MonetScope does not generate ideas from a language model's imagination. Every opportunity on this site is anchored to specific source posts and comments from real public discussions — typically on Reddit, Hacker News, or X — where actual users describe the pain in their own words. The AI's role is structuring, scoring, and grouping those signals into a navigable opportunity, not inventing the problem.
How recent is the underlying data for ai-powered?

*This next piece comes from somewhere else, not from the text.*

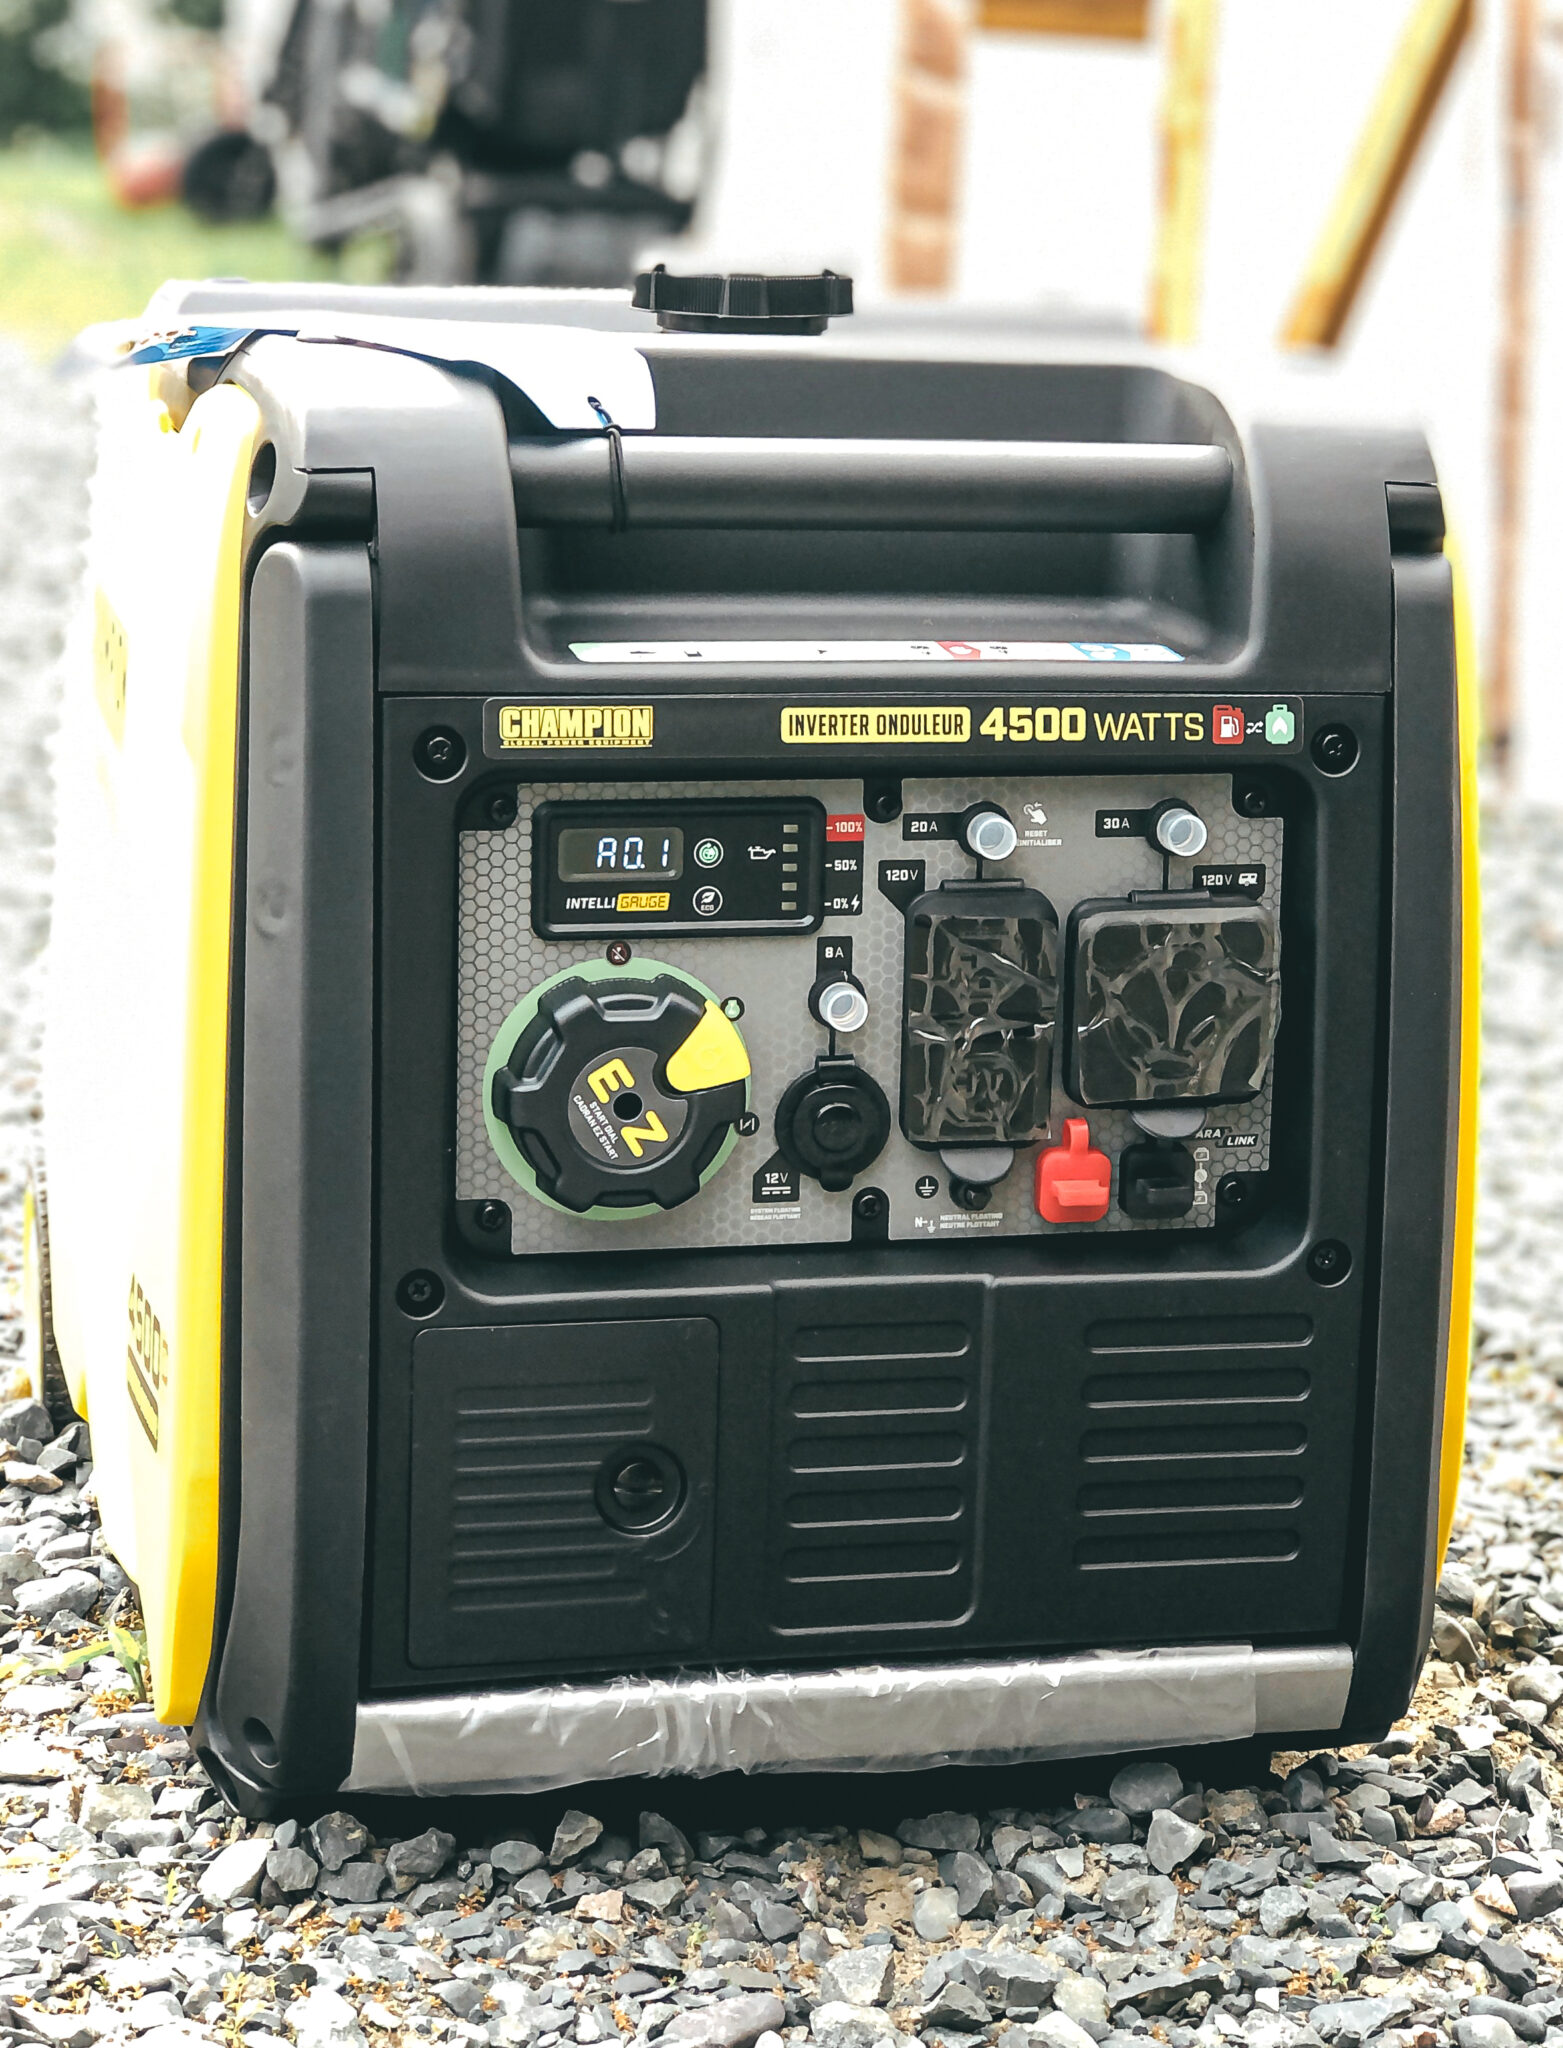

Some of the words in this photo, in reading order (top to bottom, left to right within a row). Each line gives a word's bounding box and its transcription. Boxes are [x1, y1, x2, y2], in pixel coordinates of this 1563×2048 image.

MonetScope's spider pipeline runs continuously and surfaces opportunities as new evidence accumulates. The "Updated" date in the header reflects the most recent re-scoring of this specific opportunity. Most other opportunities visible in the public catalog draw from discussions in the last 30-60 days; older signals are de-prioritized because user pain shifts faster than most founders assume.
What's the difference between "overall score" and "validation score"?
Overall score is a composite across six dimensions — pain, urgency, willingness to pay, market size, defensibility, and execution ease — designed to give a single number for triage. Validation score is narrower: it asks "how cleanly does the same signal repeat across independent sources?" An opportunity can score high on overall but lower on validation when one or two large discussions dominate the evidence; conversely, validation can be high on a smaller-overall idea where the signal is consistent but the addressable market is modest.